# Section 8.7: Scale Reliability

Learning Objectives

At the end of this section you should be able to answer the following questions:

• How would you explain internal consistency reliability?
• What is a good range for alpha?

When researchers have a final set of items that form a functional scale, reliability calculations for all the scale items must be conducted by analysing the total number of items as a set.

This is most often done by using a type of reliability called internal consistency reliability, which is based on formulas that give an index of how much variability is shared and accounted for by the set of items, thus reflecting their degree of interrelationship.  High internal consistency reliability reflects that items are consistent with other items in the set, and that the items are measuring the same construct.
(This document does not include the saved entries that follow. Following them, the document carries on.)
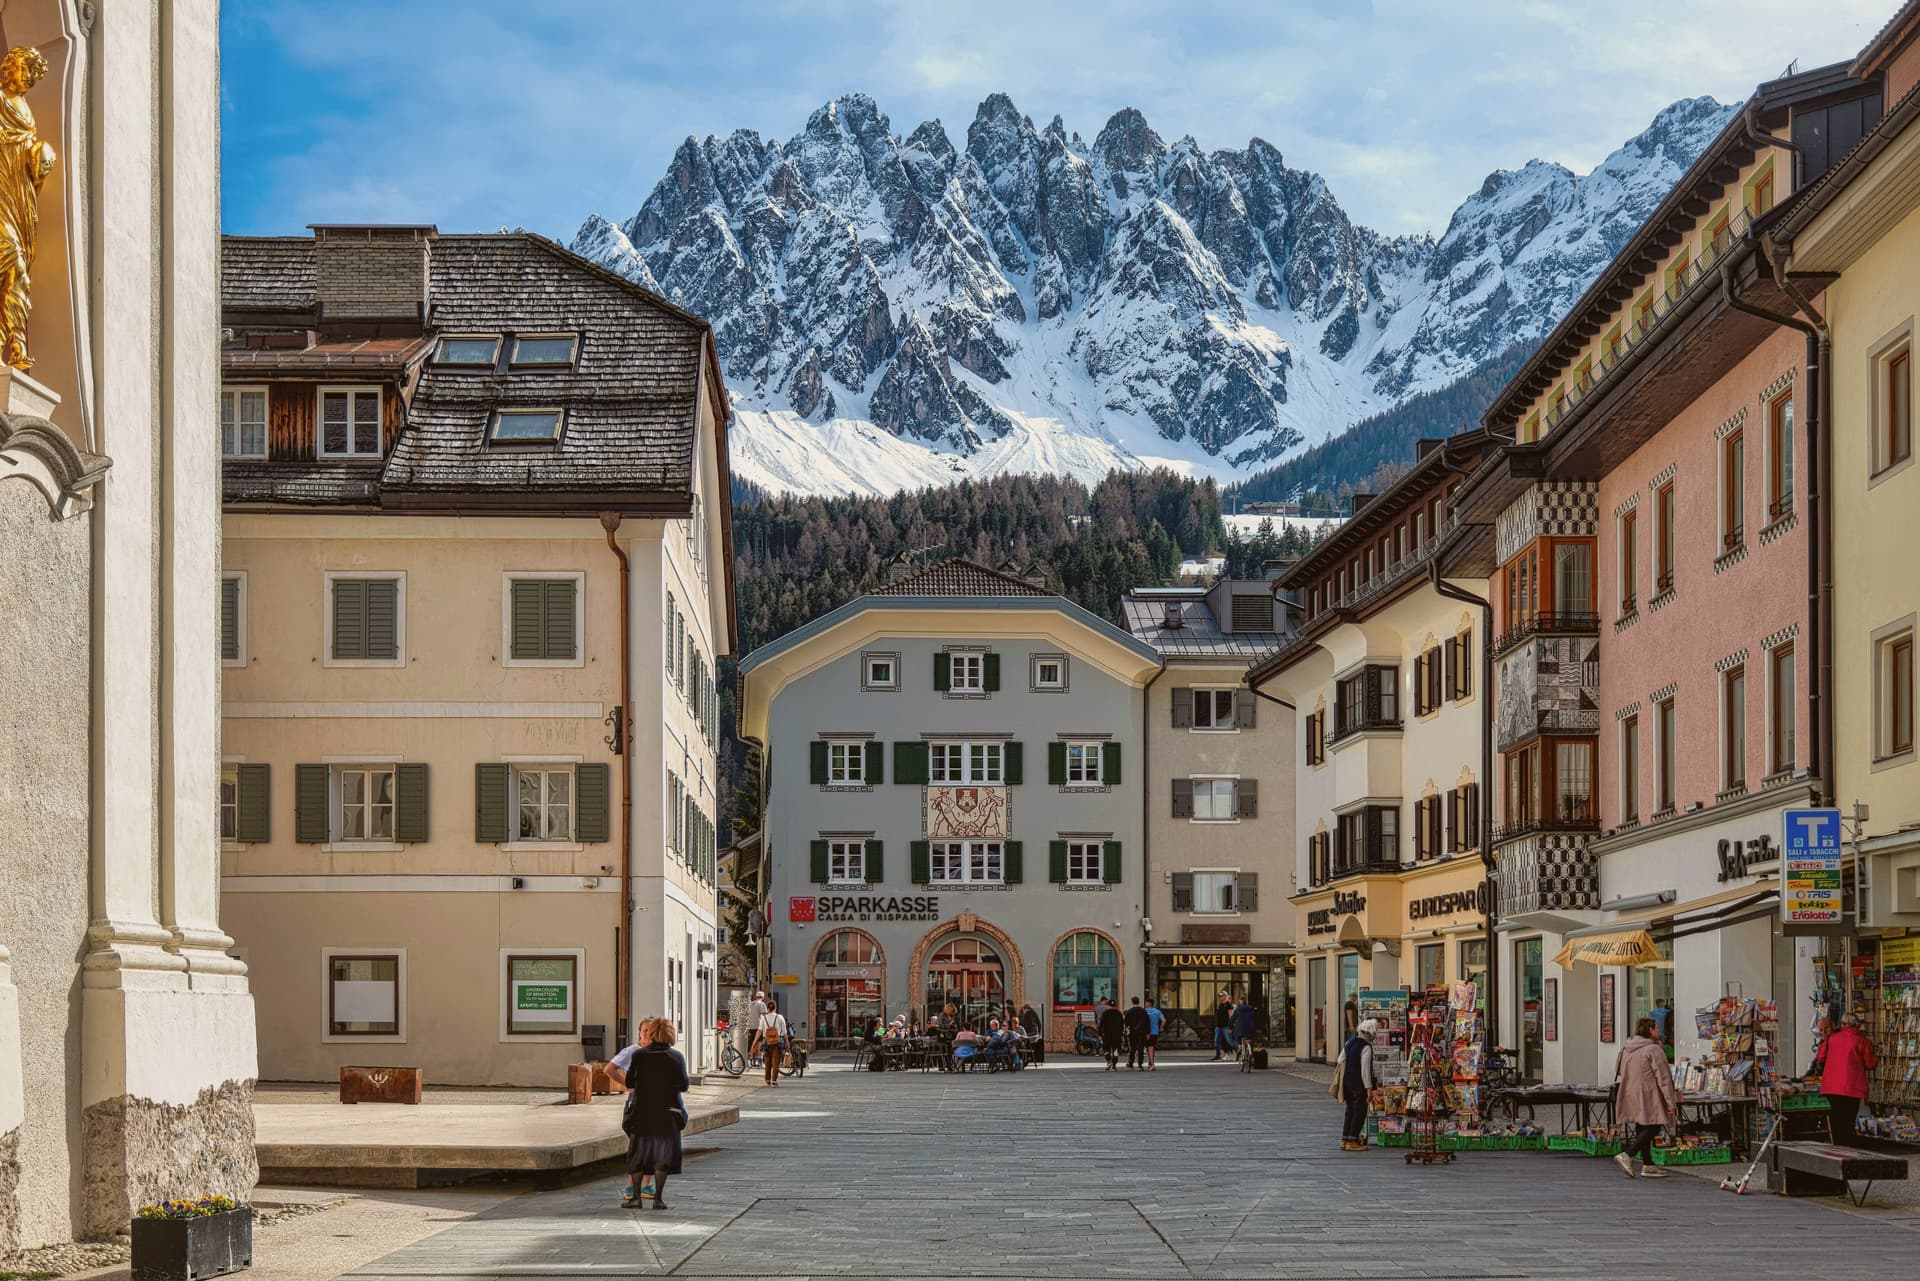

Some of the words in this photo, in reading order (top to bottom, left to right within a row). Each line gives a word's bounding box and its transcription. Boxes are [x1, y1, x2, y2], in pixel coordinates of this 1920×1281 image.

[1797, 817, 1829, 847] T
[1788, 861, 1822, 869] LOTTO
[1806, 890, 1831, 899] TRIS
[818, 896, 939, 913] SPARKASSE
[1409, 889, 1476, 920] EUROSPAR
[818, 913, 854, 921] CASSA
[860, 913, 871, 921] DI
[876, 913, 939, 921] RISPARMIO
[1792, 911, 1831, 920] Enalotto
[1616, 941, 1642, 956] LOTTO
[1172, 955, 1257, 967] JUWELIER
Cronbach’s alpha is a common statistic used to measure internal consistency, and it measures the correlation between multiple items in a factor.  When using Cronbach’s alpha, it is important to make sure that all items are related and measured in a similar way – but not with exact similarity in wording or in regard to aspects of the construct measured.
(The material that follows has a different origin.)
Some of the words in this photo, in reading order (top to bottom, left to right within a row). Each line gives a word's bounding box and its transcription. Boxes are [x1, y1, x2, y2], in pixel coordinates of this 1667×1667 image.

If dealing with multiple constructs or factors that cluster within a higher order factor, Cronbach’s alpha should be run for both the total scale, and the items in each factor.
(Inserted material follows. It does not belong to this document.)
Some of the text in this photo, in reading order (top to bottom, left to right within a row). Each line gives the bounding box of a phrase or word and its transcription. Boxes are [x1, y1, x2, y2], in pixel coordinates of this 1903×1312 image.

When conducting EFA procedures, scale reliability should be tested for each factor following the last EFA and the finalisation of the factor structure.

PowerPoint: Alpha Output

Please have a look at the link below for SPSS Output on Internal Consistency calculations:

As can be seen here, the alpha for the total scale used is ‘good’ as seen by a .85 value. You can also check and see if some items were deleted, would the alpha improve. If removing an item improves the score by .01-.02 it might be worth removing the item.

In general, “good” alpha estimates range from .7 – .9 (George & Mallery, 2003), with the following intreptations:

<.50 = Unacceptable

.51-.60 = Poor

.61-.70 = Questionable

.71-.80 = Acceptable

.81-.90 = Good

.91-.95 = Excellent

If the alpha is greater than .95, it is likely that there are a number of items that ask very similar, or the same question. For example, “I often feel down” and “I am often down”.